• Records shown:
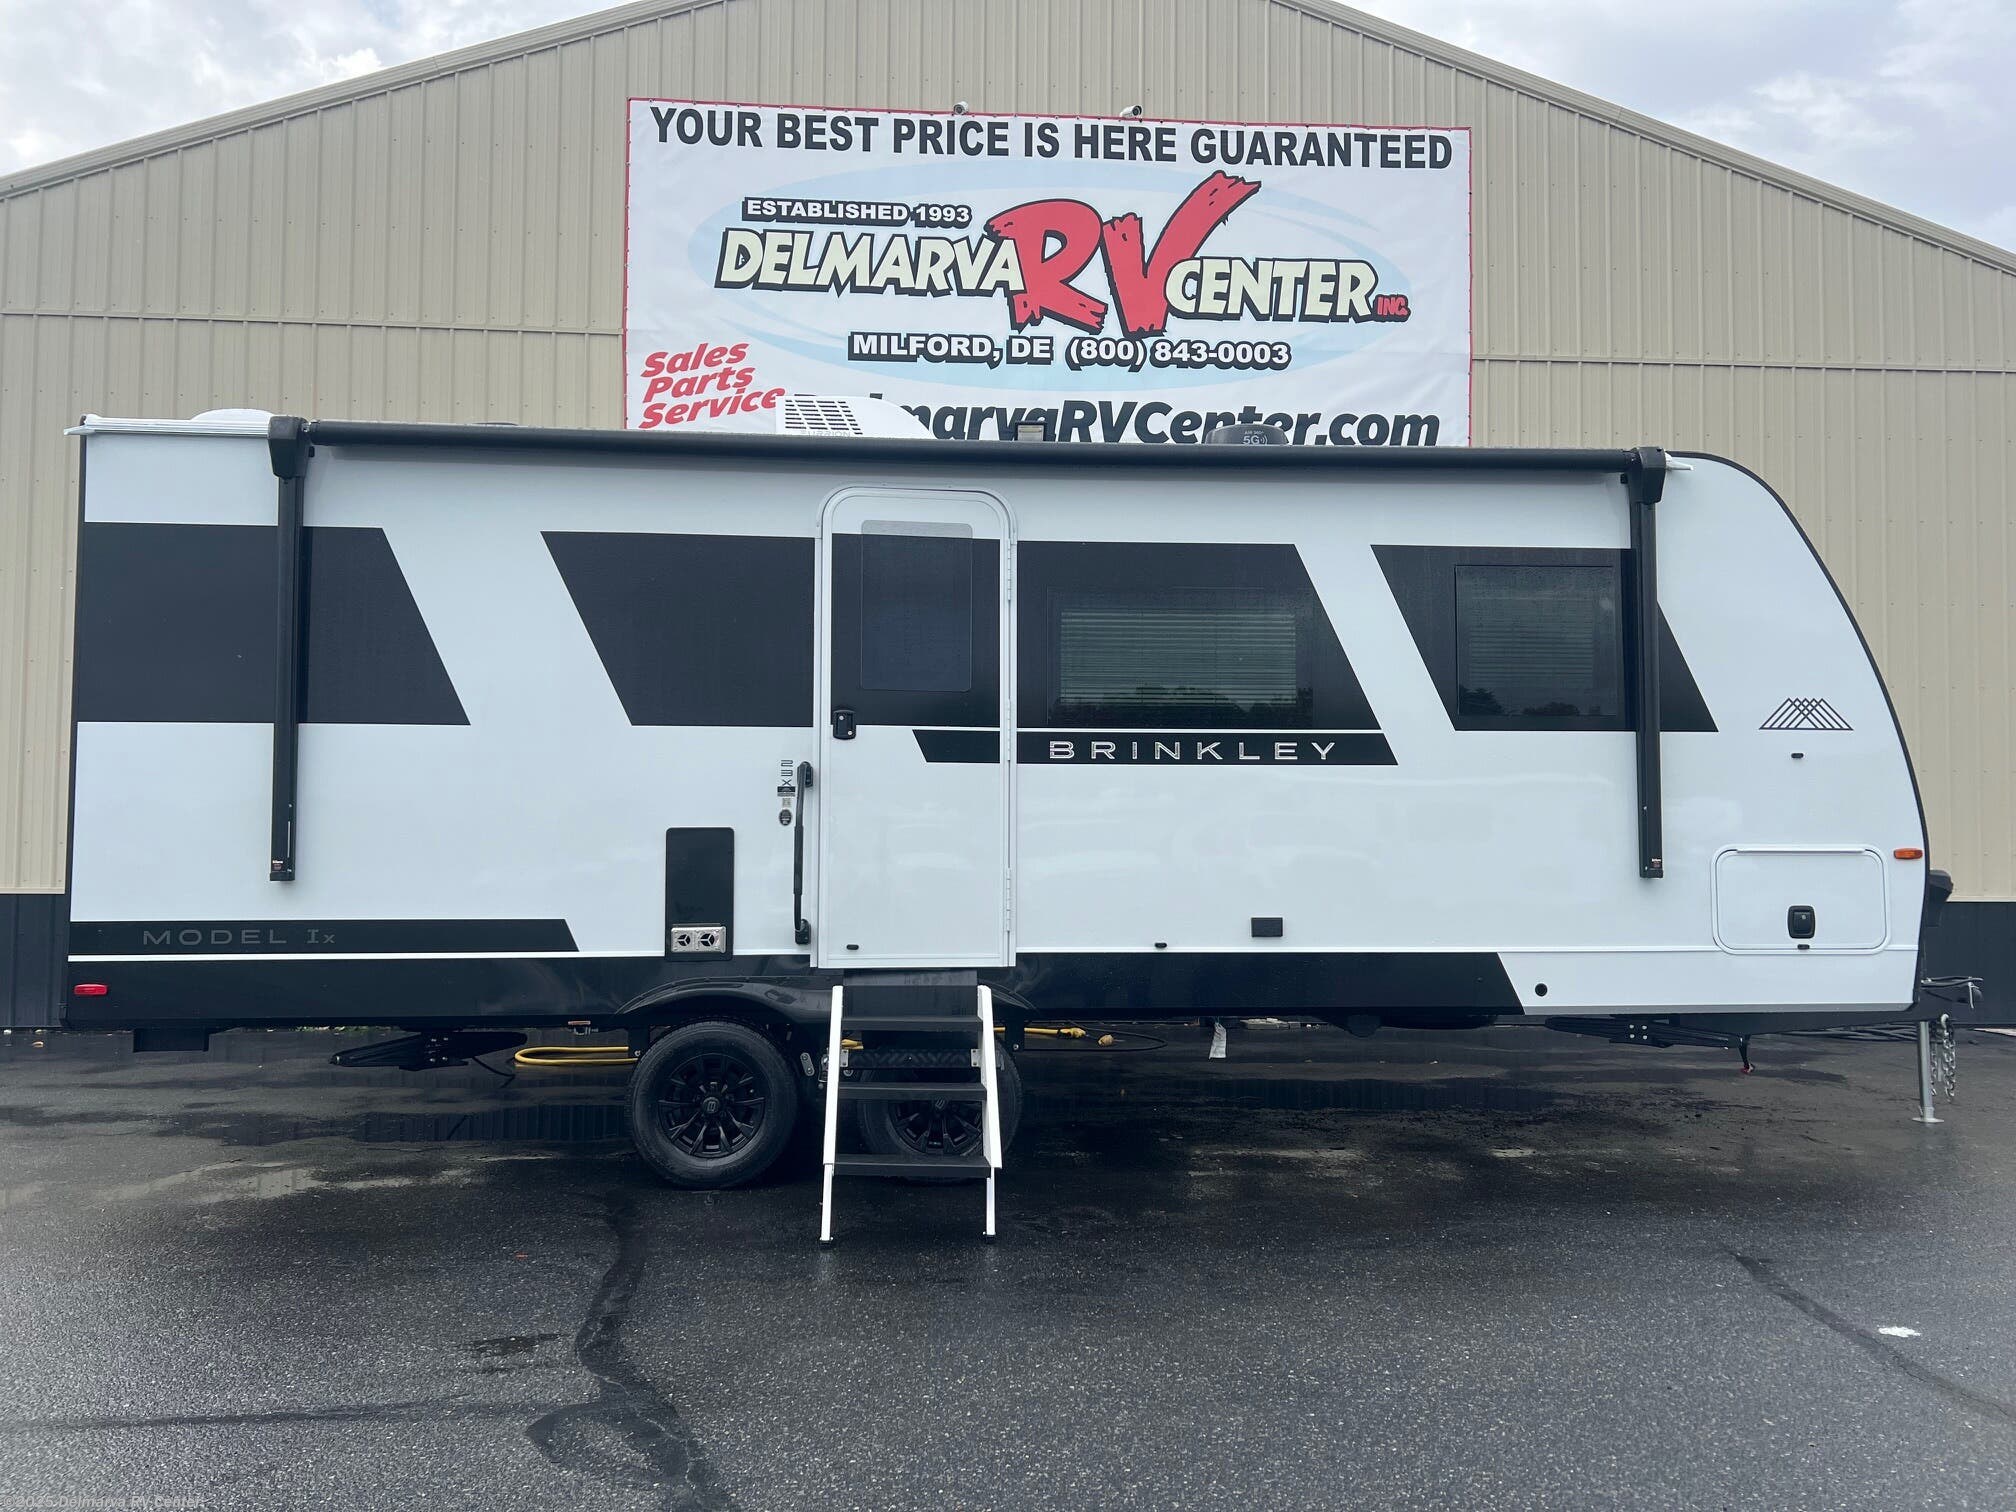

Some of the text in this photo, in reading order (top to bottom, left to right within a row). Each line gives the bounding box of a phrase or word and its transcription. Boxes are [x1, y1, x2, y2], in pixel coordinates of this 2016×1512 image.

[650, 107, 1452, 169] YOUR BEST PRICE IS HERE GUARANTEED
[744, 198, 971, 225] ESTABLISHED 1993
[715, 227, 1025, 299] DELMARVA
[983, 170, 1262, 337] RV
[1165, 256, 1378, 322] CENTER
[641, 343, 749, 378] Sales
[850, 332, 1291, 370] MILFORD, DE (800) 843-0003
[643, 366, 755, 403] Parts
[639, 387, 786, 429] Service
[1049, 740, 1335, 760] BRINKLEY
[143, 929, 287, 945] MODEL
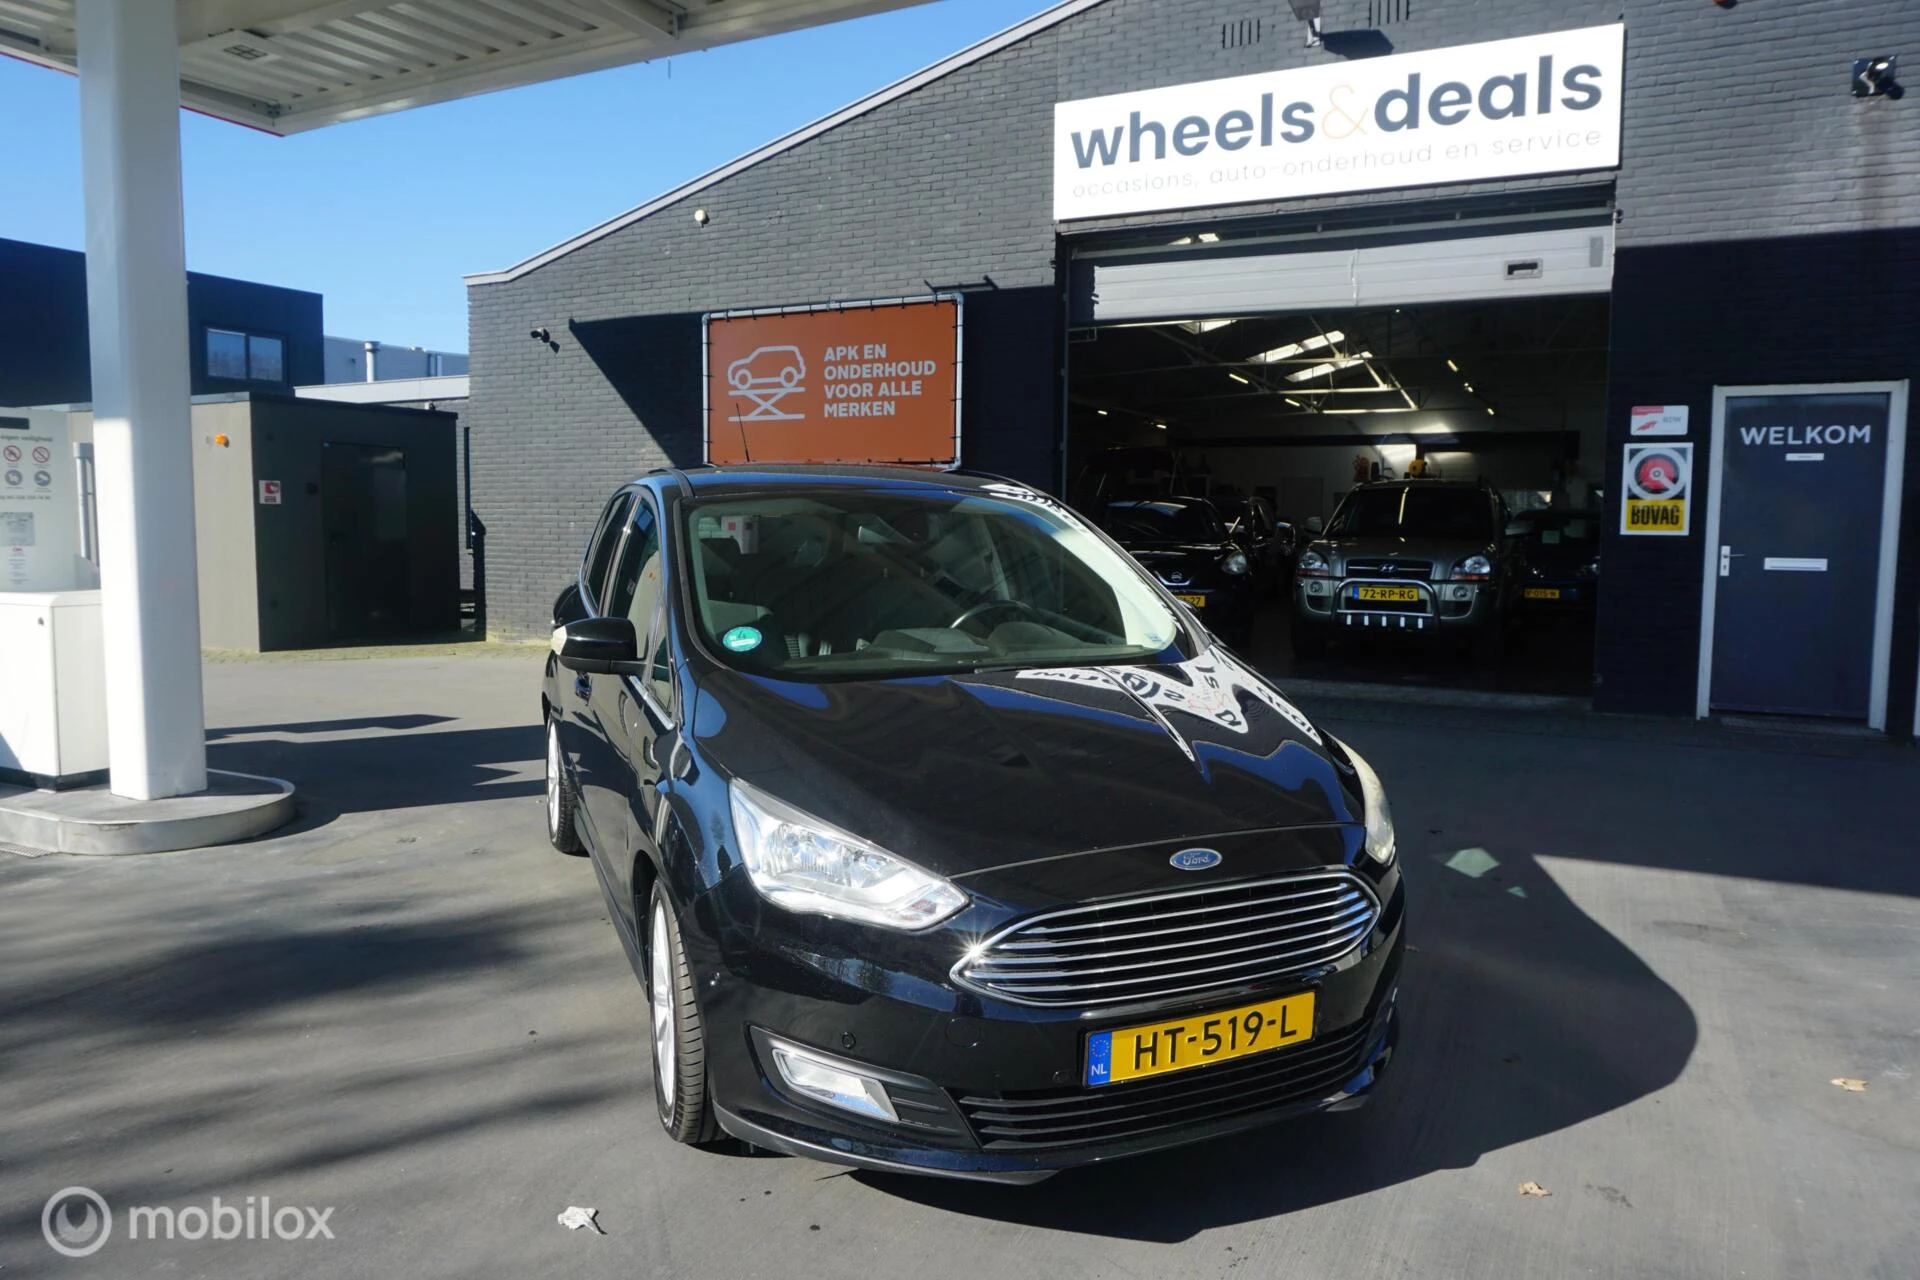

• Task directions: Please repeat each record exactly and keep every picture out of the copy.

• The completed task:
Some of the text in this photo, in reading order (top to bottom, left to right within a row). Each line gives the bounding box of a phrase or word and its transcription. Boxes are [x1, y1, x2, y2], in pixel coordinates of this 2016×1512 image.

[650, 107, 1452, 169] YOUR BEST PRICE IS HERE GUARANTEED
[744, 198, 971, 225] ESTABLISHED 1993
[715, 227, 1025, 299] DELMARVA
[983, 170, 1262, 337] RV
[1165, 256, 1378, 322] CENTER
[641, 343, 749, 378] Sales
[850, 332, 1291, 370] MILFORD, DE (800) 843-0003
[643, 366, 755, 403] Parts
[639, 387, 786, 429] Service
[1049, 740, 1335, 760] BRINKLEY
[143, 929, 287, 945] MODEL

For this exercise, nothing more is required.